WORK TO BE COMPLETED - The response should consist of every line below, restated exactly, with no pictures.

BEGIN TASK MATERIAL

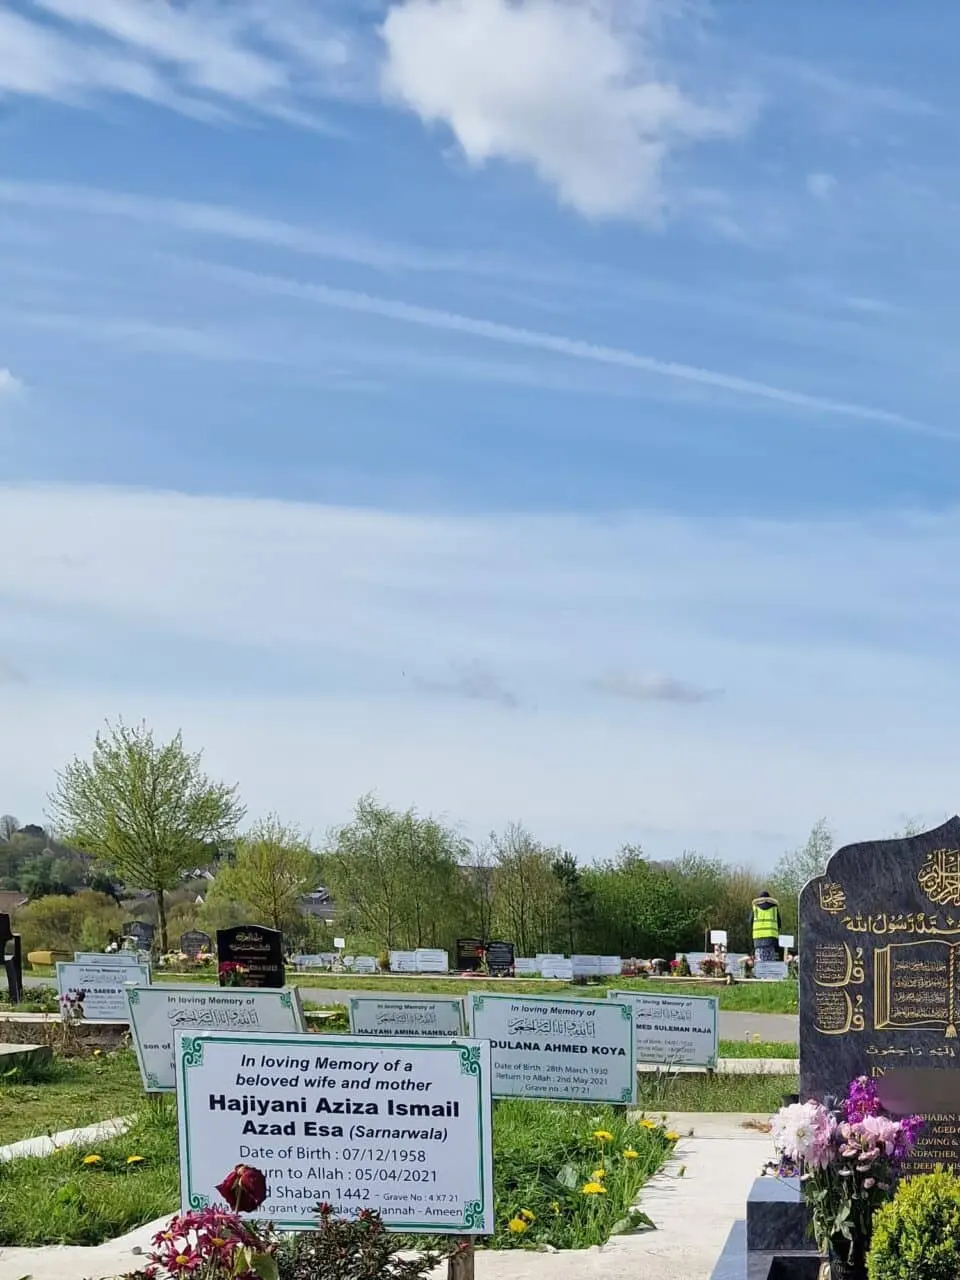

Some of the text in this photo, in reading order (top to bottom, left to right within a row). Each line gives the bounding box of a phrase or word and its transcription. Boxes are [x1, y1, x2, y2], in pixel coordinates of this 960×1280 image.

[179, 995, 206, 1005] loving
[208, 996, 243, 1007] Memory
[511, 1004, 596, 1018] In loving Memory of
[636, 1023, 652, 1031] MED
[544, 1043, 588, 1054] AHMED
[591, 1046, 627, 1056] KOYA
[241, 1054, 413, 1074] In loving Memory of a
[494, 1061, 512, 1070] Date
[523, 1063, 541, 1071] Birth
[565, 1065, 588, 1074] March
[236, 1073, 433, 1091] beloved wife and mother
[496, 1072, 521, 1080] Return
[532, 1073, 551, 1081] Allah
[557, 1075, 572, 1083] 2nd
[573, 1077, 589, 1085] May
[589, 1077, 609, 1085] 2021
[525, 1083, 547, 1092] Grave
[209, 1094, 459, 1117] Hajiyani Aziza Ismail
[242, 1120, 448, 1143] Azad Esa (Sarnarwala)
[239, 1145, 274, 1158] Date
[278, 1146, 293, 1159] of
[297, 1146, 331, 1160] Birth
[342, 1148, 426, 1162] 07/12/1958
[288, 1170, 303, 1179] to
[307, 1167, 344, 1180] Allah
[355, 1168, 437, 1183] 05/04/2021
[276, 1185, 331, 1199] Shaban
[336, 1188, 370, 1200] 1442
[383, 1192, 408, 1201] Grave
[410, 1193, 422, 1201] No
[268, 1204, 298, 1214] grant
[424, 1207, 463, 1217] Ameen
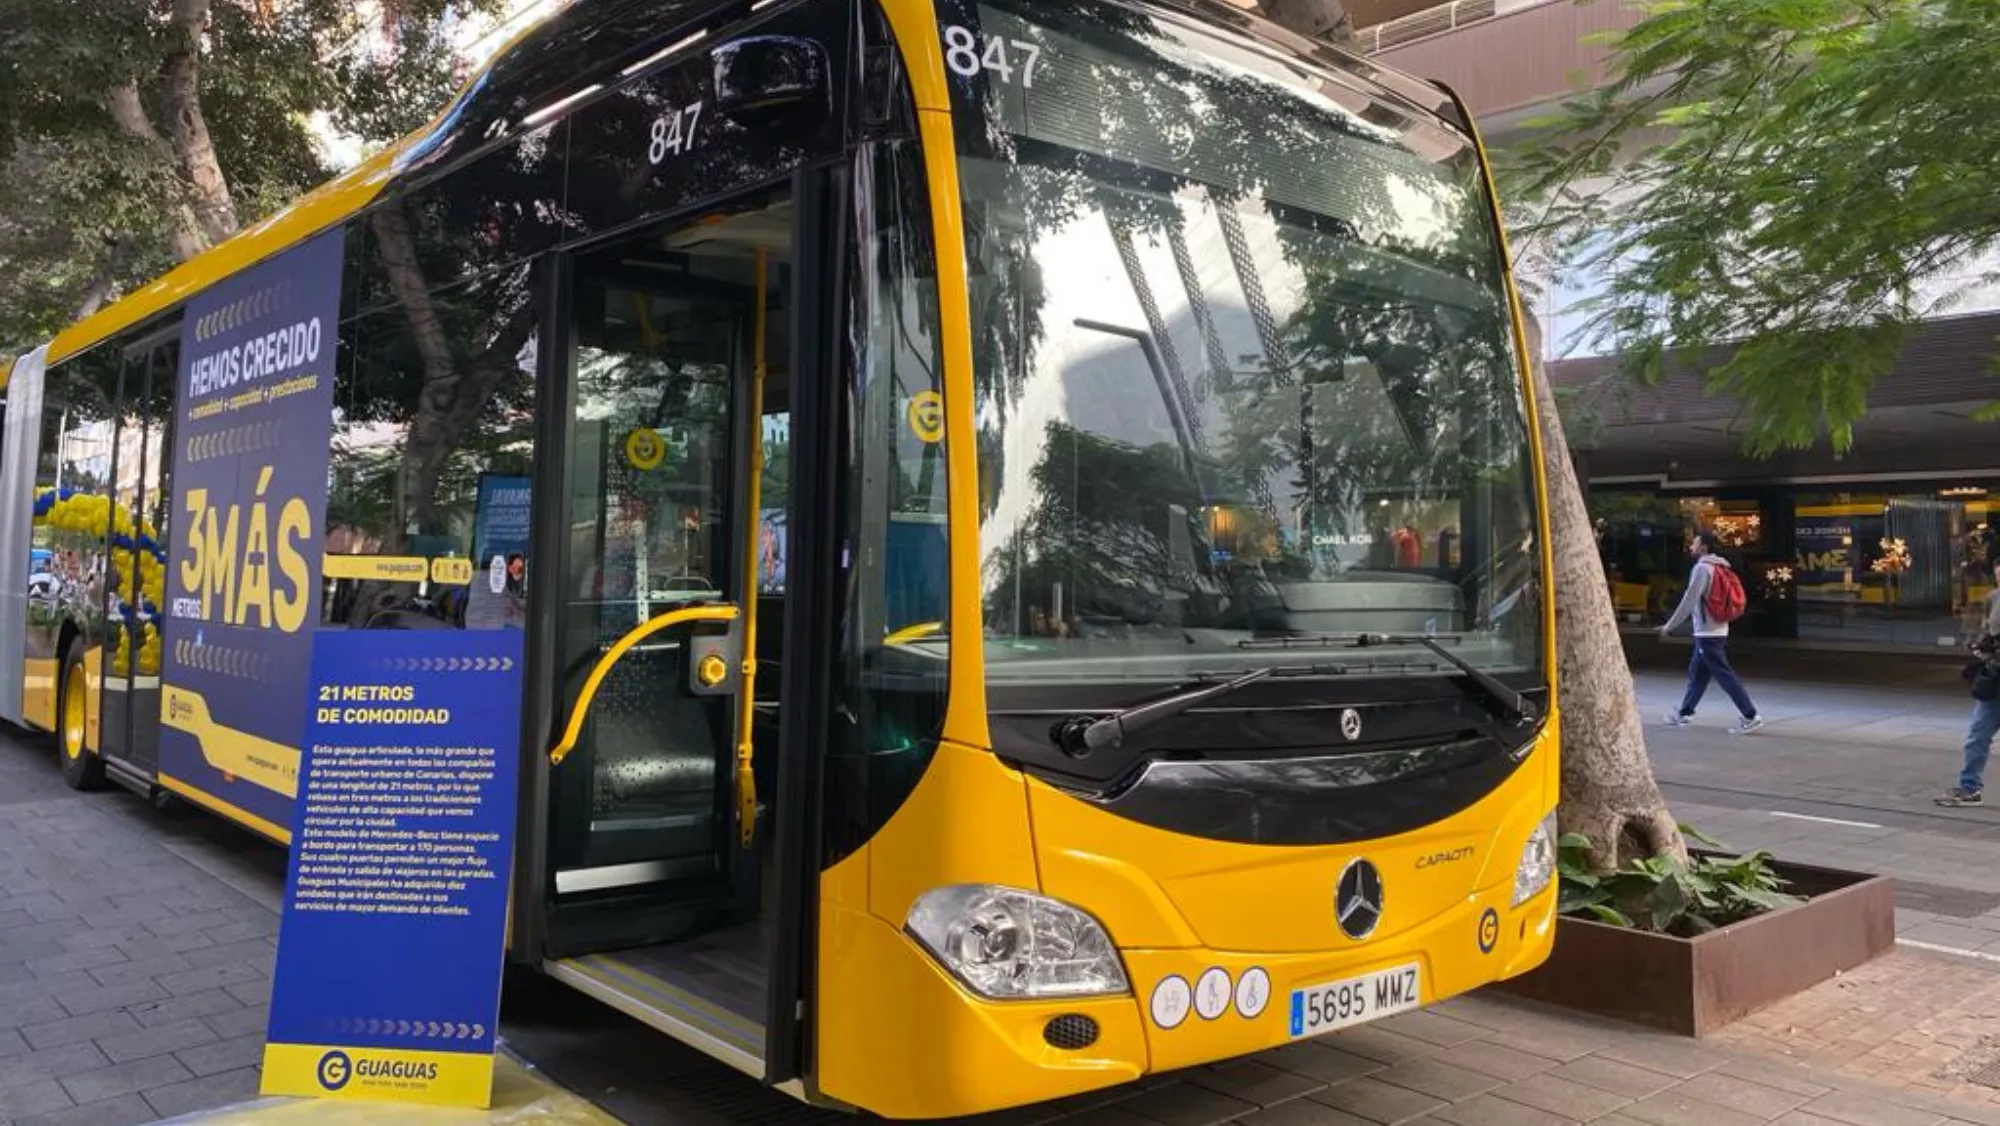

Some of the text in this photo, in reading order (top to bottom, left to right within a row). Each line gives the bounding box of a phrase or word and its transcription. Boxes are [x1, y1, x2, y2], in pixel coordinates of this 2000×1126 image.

[945, 26, 1040, 88] 847
[649, 102, 702, 164] 847
[189, 317, 320, 398] HEMOS CRECIDO
[172, 598, 202, 619] METROS
[319, 686, 414, 701] 21 METROS
[317, 708, 450, 724] DE COMODIDAD
[333, 747, 365, 755] guagua
[444, 747, 476, 756] grande
[407, 758, 431, 766] todas
[323, 769, 369, 779] transporte
[458, 771, 493, 780] dispone
[339, 782, 375, 791] longitud
[436, 784, 451, 792] por
[424, 795, 481, 803] tradicionales
[380, 806, 425, 815] capacidad
[427, 808, 442, 816] que
[371, 830, 439, 838] Mercedes-Benz
[465, 832, 500, 841] espacio
[357, 842, 408, 851] transportar
[433, 845, 475, 853] personas.
[300, 853, 316, 861] Sus
[349, 854, 382, 864] puertas
[384, 855, 425, 864] permiten
[438, 856, 465, 865] mejor
[466, 857, 487, 866] flujo
[312, 865, 346, 873] entrada
[354, 866, 380, 874] salida
[394, 867, 428, 876] viajeros
[458, 868, 495, 878] paradas.
[298, 878, 336, 887] Guaguas
[337, 878, 389, 888] Municipales
[403, 880, 445, 889] adquirido
[296, 890, 336, 898] unidades
[337, 892, 353, 900] que
[374, 892, 422, 900] destinadas
[294, 902, 334, 910] servicios
[348, 905, 376, 913] mayor
[376, 904, 418, 912] demanda
[432, 905, 470, 913] clientes.
[1308, 969, 1416, 1027] 5695 MMZ
[356, 1058, 438, 1080] GUAGUAS

END TASK MATERIAL

RESPONSE TO THE TASK -
Some of the text in this photo, in reading order (top to bottom, left to right within a row). Each line gives the bounding box of a phrase or word and its transcription. Boxes are [x1, y1, x2, y2], in pixel coordinates of this 960×1280 image.

[179, 995, 206, 1005] loving
[208, 996, 243, 1007] Memory
[511, 1004, 596, 1018] In loving Memory of
[636, 1023, 652, 1031] MED
[544, 1043, 588, 1054] AHMED
[591, 1046, 627, 1056] KOYA
[241, 1054, 413, 1074] In loving Memory of a
[494, 1061, 512, 1070] Date
[523, 1063, 541, 1071] Birth
[565, 1065, 588, 1074] March
[236, 1073, 433, 1091] beloved wife and mother
[496, 1072, 521, 1080] Return
[532, 1073, 551, 1081] Allah
[557, 1075, 572, 1083] 2nd
[573, 1077, 589, 1085] May
[589, 1077, 609, 1085] 2021
[525, 1083, 547, 1092] Grave
[209, 1094, 459, 1117] Hajiyani Aziza Ismail
[242, 1120, 448, 1143] Azad Esa (Sarnarwala)
[239, 1145, 274, 1158] Date
[278, 1146, 293, 1159] of
[297, 1146, 331, 1160] Birth
[342, 1148, 426, 1162] 07/12/1958
[288, 1170, 303, 1179] to
[307, 1167, 344, 1180] Allah
[355, 1168, 437, 1183] 05/04/2021
[276, 1185, 331, 1199] Shaban
[336, 1188, 370, 1200] 1442
[383, 1192, 408, 1201] Grave
[410, 1193, 422, 1201] No
[268, 1204, 298, 1214] grant
[424, 1207, 463, 1217] Ameen

Some of the text in this photo, in reading order (top to bottom, left to right within a row). Each line gives the bounding box of a phrase or word and its transcription. Boxes are [x1, y1, x2, y2], in pixel coordinates of this 2000×1126 image.

[945, 26, 1040, 88] 847
[649, 102, 702, 164] 847
[189, 317, 320, 398] HEMOS CRECIDO
[172, 598, 202, 619] METROS
[319, 686, 414, 701] 21 METROS
[317, 708, 450, 724] DE COMODIDAD
[333, 747, 365, 755] guagua
[444, 747, 476, 756] grande
[407, 758, 431, 766] todas
[323, 769, 369, 779] transporte
[458, 771, 493, 780] dispone
[339, 782, 375, 791] longitud
[436, 784, 451, 792] por
[424, 795, 481, 803] tradicionales
[380, 806, 425, 815] capacidad
[427, 808, 442, 816] que
[371, 830, 439, 838] Mercedes-Benz
[465, 832, 500, 841] espacio
[357, 842, 408, 851] transportar
[433, 845, 475, 853] personas.
[300, 853, 316, 861] Sus
[349, 854, 382, 864] puertas
[384, 855, 425, 864] permiten
[438, 856, 465, 865] mejor
[466, 857, 487, 866] flujo
[312, 865, 346, 873] entrada
[354, 866, 380, 874] salida
[394, 867, 428, 876] viajeros
[458, 868, 495, 878] paradas.
[298, 878, 336, 887] Guaguas
[337, 878, 389, 888] Municipales
[403, 880, 445, 889] adquirido
[296, 890, 336, 898] unidades
[337, 892, 353, 900] que
[374, 892, 422, 900] destinadas
[294, 902, 334, 910] servicios
[348, 905, 376, 913] mayor
[376, 904, 418, 912] demanda
[432, 905, 470, 913] clientes.
[1308, 969, 1416, 1027] 5695 MMZ
[356, 1058, 438, 1080] GUAGUAS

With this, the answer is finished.